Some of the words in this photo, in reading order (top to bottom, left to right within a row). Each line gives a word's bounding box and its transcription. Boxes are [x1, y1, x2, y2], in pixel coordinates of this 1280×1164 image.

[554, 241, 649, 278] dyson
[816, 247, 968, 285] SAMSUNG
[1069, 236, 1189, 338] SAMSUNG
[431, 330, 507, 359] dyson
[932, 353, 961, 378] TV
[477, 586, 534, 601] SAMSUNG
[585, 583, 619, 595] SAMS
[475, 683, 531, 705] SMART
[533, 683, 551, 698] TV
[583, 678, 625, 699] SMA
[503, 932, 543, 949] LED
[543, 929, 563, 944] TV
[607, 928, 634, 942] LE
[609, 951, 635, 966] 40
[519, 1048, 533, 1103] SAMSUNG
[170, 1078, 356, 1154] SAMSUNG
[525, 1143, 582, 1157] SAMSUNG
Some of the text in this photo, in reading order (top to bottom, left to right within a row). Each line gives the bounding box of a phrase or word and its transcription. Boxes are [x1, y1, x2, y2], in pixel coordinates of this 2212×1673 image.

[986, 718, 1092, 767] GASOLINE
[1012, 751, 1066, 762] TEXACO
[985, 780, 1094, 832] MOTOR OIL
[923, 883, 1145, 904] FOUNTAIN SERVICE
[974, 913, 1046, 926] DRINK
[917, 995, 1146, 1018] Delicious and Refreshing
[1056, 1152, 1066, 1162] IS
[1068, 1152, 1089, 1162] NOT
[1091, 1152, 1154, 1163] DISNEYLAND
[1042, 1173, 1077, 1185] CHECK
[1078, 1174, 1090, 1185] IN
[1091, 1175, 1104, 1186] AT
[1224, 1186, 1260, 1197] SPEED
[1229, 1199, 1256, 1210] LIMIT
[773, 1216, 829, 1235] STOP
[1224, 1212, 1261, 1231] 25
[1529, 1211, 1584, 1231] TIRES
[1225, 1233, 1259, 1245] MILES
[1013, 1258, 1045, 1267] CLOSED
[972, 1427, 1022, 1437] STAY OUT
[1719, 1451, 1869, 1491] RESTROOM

> [Directions]
Whatever the material above holds, copy it over exactly, line by line.

> [The answer]
Some of the words in this photo, in reading order (top to bottom, left to right within a row). Each line gives a word's bounding box and its transcription. Boxes are [x1, y1, x2, y2], in pixel coordinates of this 1280×1164 image.

[554, 241, 649, 278] dyson
[816, 247, 968, 285] SAMSUNG
[1069, 236, 1189, 338] SAMSUNG
[431, 330, 507, 359] dyson
[932, 353, 961, 378] TV
[477, 586, 534, 601] SAMSUNG
[585, 583, 619, 595] SAMS
[475, 683, 531, 705] SMART
[533, 683, 551, 698] TV
[583, 678, 625, 699] SMA
[503, 932, 543, 949] LED
[543, 929, 563, 944] TV
[607, 928, 634, 942] LE
[609, 951, 635, 966] 40
[519, 1048, 533, 1103] SAMSUNG
[170, 1078, 356, 1154] SAMSUNG
[525, 1143, 582, 1157] SAMSUNG
Some of the text in this photo, in reading order (top to bottom, left to right within a row). Each line gives the bounding box of a phrase or word and its transcription. Boxes are [x1, y1, x2, y2], in pixel coordinates of this 2212×1673 image.

[986, 718, 1092, 767] GASOLINE
[1012, 751, 1066, 762] TEXACO
[985, 780, 1094, 832] MOTOR OIL
[923, 883, 1145, 904] FOUNTAIN SERVICE
[974, 913, 1046, 926] DRINK
[917, 995, 1146, 1018] Delicious and Refreshing
[1056, 1152, 1066, 1162] IS
[1068, 1152, 1089, 1162] NOT
[1091, 1152, 1154, 1163] DISNEYLAND
[1042, 1173, 1077, 1185] CHECK
[1078, 1174, 1090, 1185] IN
[1091, 1175, 1104, 1186] AT
[1224, 1186, 1260, 1197] SPEED
[1229, 1199, 1256, 1210] LIMIT
[773, 1216, 829, 1235] STOP
[1224, 1212, 1261, 1231] 25
[1529, 1211, 1584, 1231] TIRES
[1225, 1233, 1259, 1245] MILES
[1013, 1258, 1045, 1267] CLOSED
[972, 1427, 1022, 1437] STAY OUT
[1719, 1451, 1869, 1491] RESTROOM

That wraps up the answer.